# GMAT Problem Solving Questions With Answers # GMAT Problem Solving Questions With Answers

Problem Solving questions constitute a major chunk of the Quant section of the GMAT. Of the 31 questions that appear in this section, you can expect close to 50% of the questions from problem-solving. In this article, we will be looking into –

1. What are GMAT Quant Problem Solving Questions?
2. 3 examples of GMAT Problem Solving Practice Questions

## What are GMAT Quant Problem Solving Questions?

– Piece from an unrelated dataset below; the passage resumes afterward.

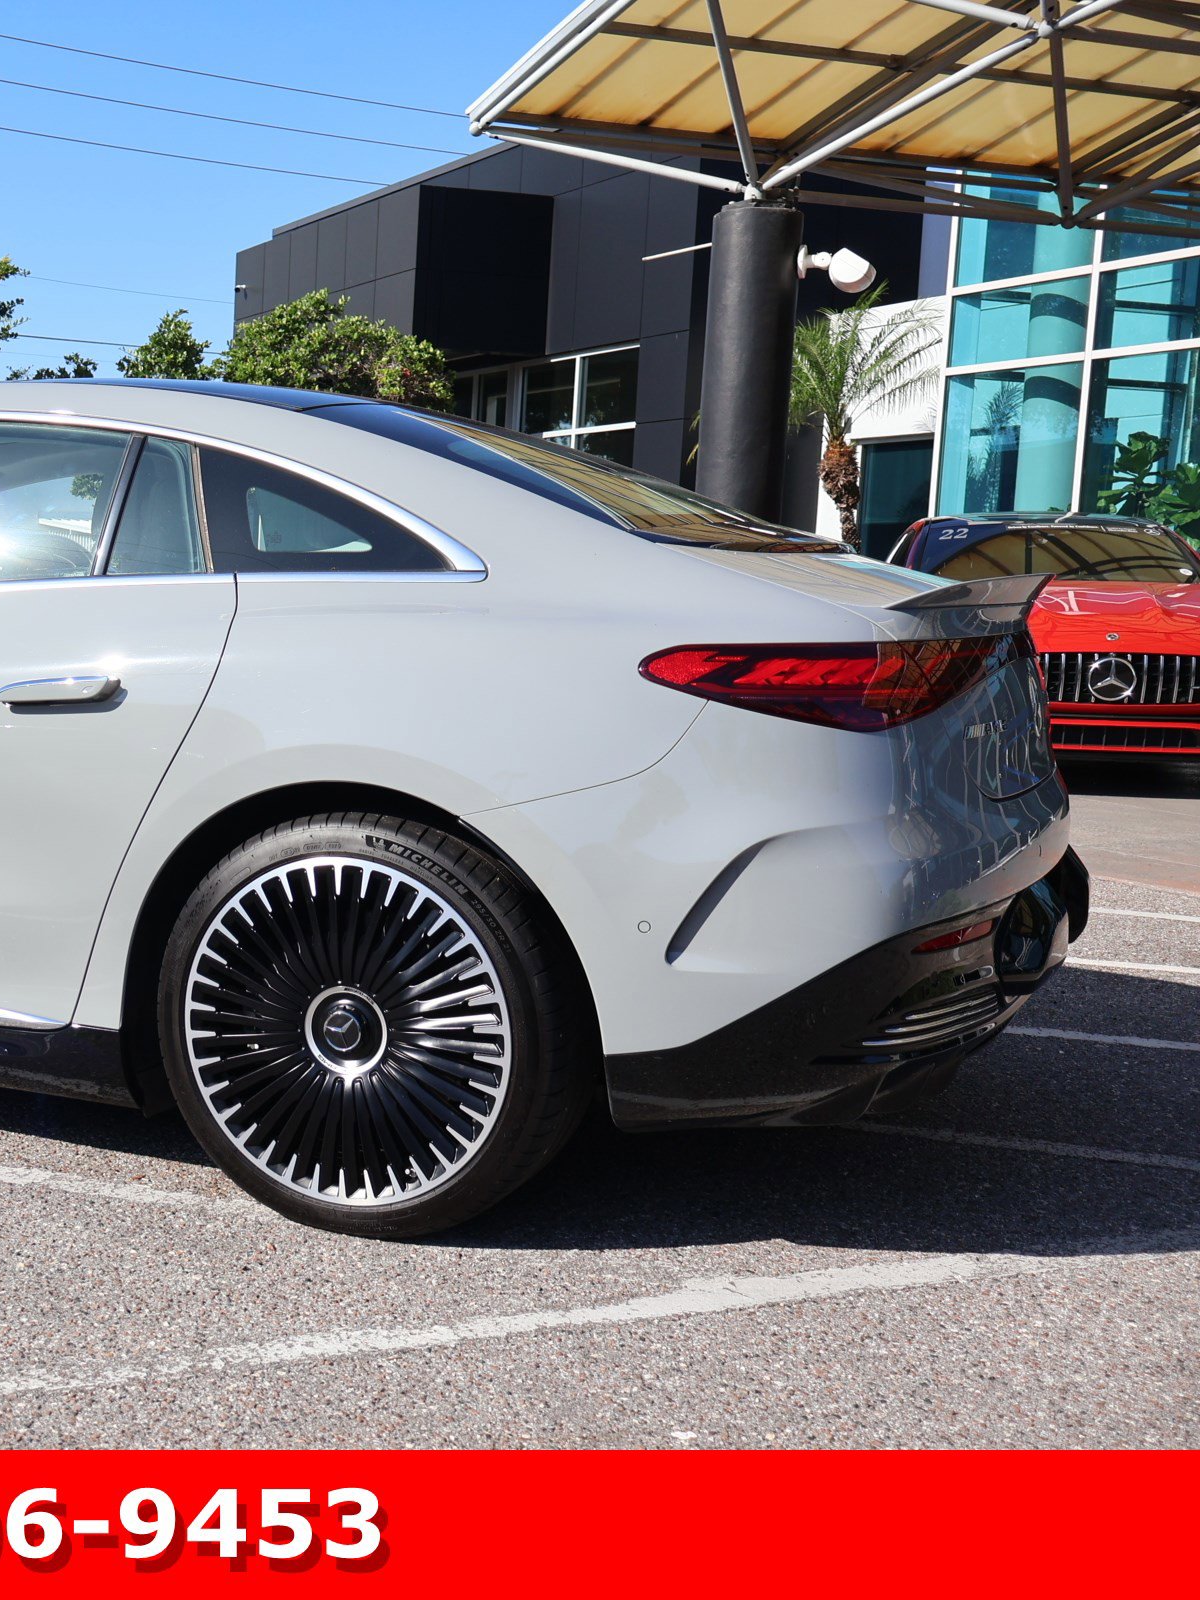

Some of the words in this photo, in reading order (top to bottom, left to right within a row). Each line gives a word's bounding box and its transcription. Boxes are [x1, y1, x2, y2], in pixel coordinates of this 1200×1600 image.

[939, 528, 969, 540] 22
[389, 843, 469, 895] MICHELIN
[471, 899, 497, 928] 295/30

Problem Solving or PS questions are questions that have a question followed by five options. They are very similar to any MCQ question that we come across in our school or university examinations. You need to solve the question and arrive at the answer and mark the correct choice.

There is only one correct answer in Problem Solving Questions.

Problem Solving questions are considered easier than Data Sufficiency questions because they are straightforward. Having said that, a preparation without a proper plan might prove disastrous for these questions.

Let us now take a look at a few Problem-Solving questions to get you started.

## Examples – GMAT Problem Solving Questions

### Question 1:

If a regular unbiased die is rolled twice, what is the probability of getting a sum greater than 10 in the two rolls?

### Approach:

In probability, the probability of an event E = The number of favourable outcomes / Total number of outcomes

The first step is to calculate all favourable outcomes.

Let {x,y} represent the two rolls.

For getting a sum greater than 10, we can get a sum of 11 it a sum of 12.

Now, for a sum of 11, we can have these cases – {5,6}, {6,5}

For a sum of 12, we can have these cases – {6,6}

Hence, there are three favourable outcomes.

Total number of outcomes = 6*6 = 36

Hence, probability = 3/36 = 1/12.

### Question 2:

The length of the equal sides of an isosceles triangle is 6 cm. What is the maximum possible area of the triangle(in square centimetres)?

### Approach:

Let us assume that one of these 6 cm sides is the base and the angle that the other 6 cm side makes with the base is k degrees.

Now, we know that the area of a triangle whose 2 adjacent sides are known and the enclosed angle is known can be calculated as:

Area = (1/2)*a*b*sin(k)

a = First side

b = Second side

k is the angle enclosed.

Now, a and b are fixed as 6 cm each

If sin k is maximum = 1, the value will be maximum.

Hence, the maximum possible area = (1/2) x 6 x 6 = 18

### Question 3:

If a set A has 16 distinct elements all of which are integers and set B necessarily has the square of all elements of set A, what can be the minimum number of elements in set B?

### Approach:

If all 16 elements in A are distinct, say 1, 2, 3, …., 16, then B also has 16 elements 1, 4, 9, ….., 256.

However, to reduce the number of elements of B, we need to have as many elements as possible in A that also has their negative counterpart in A. For example, if 2 is an element, -2 should be an element as well. As a result, if 4 (square of both 2 and -2) is present in B, it will account for 2 elements in A.

Hence, we can have 8 positive numbers in A and their corresponding negative numbers in A. In this way, we can say that B will have a minimum of 8 elements.

Hence, the minimum possible number of elements in B is 8.

### Note:

Though these examples provide a good sense of what type of GMAT Problem Solving questions you can expect, in no way do they represent the exhaustive list of concepts required for the Quantitative section of GMAT.

### Tips to keep in mind:

1. Try to take some time out from easy Problem Solving questions so that you can use that time to solve tricky Data Sufficiency questions. Data sufficiency questions usually take more time to solve than Problem Solving questions.
2. Do not get stuck in a question for long. If you find yourself trapped in a question for long, take a guess and move on.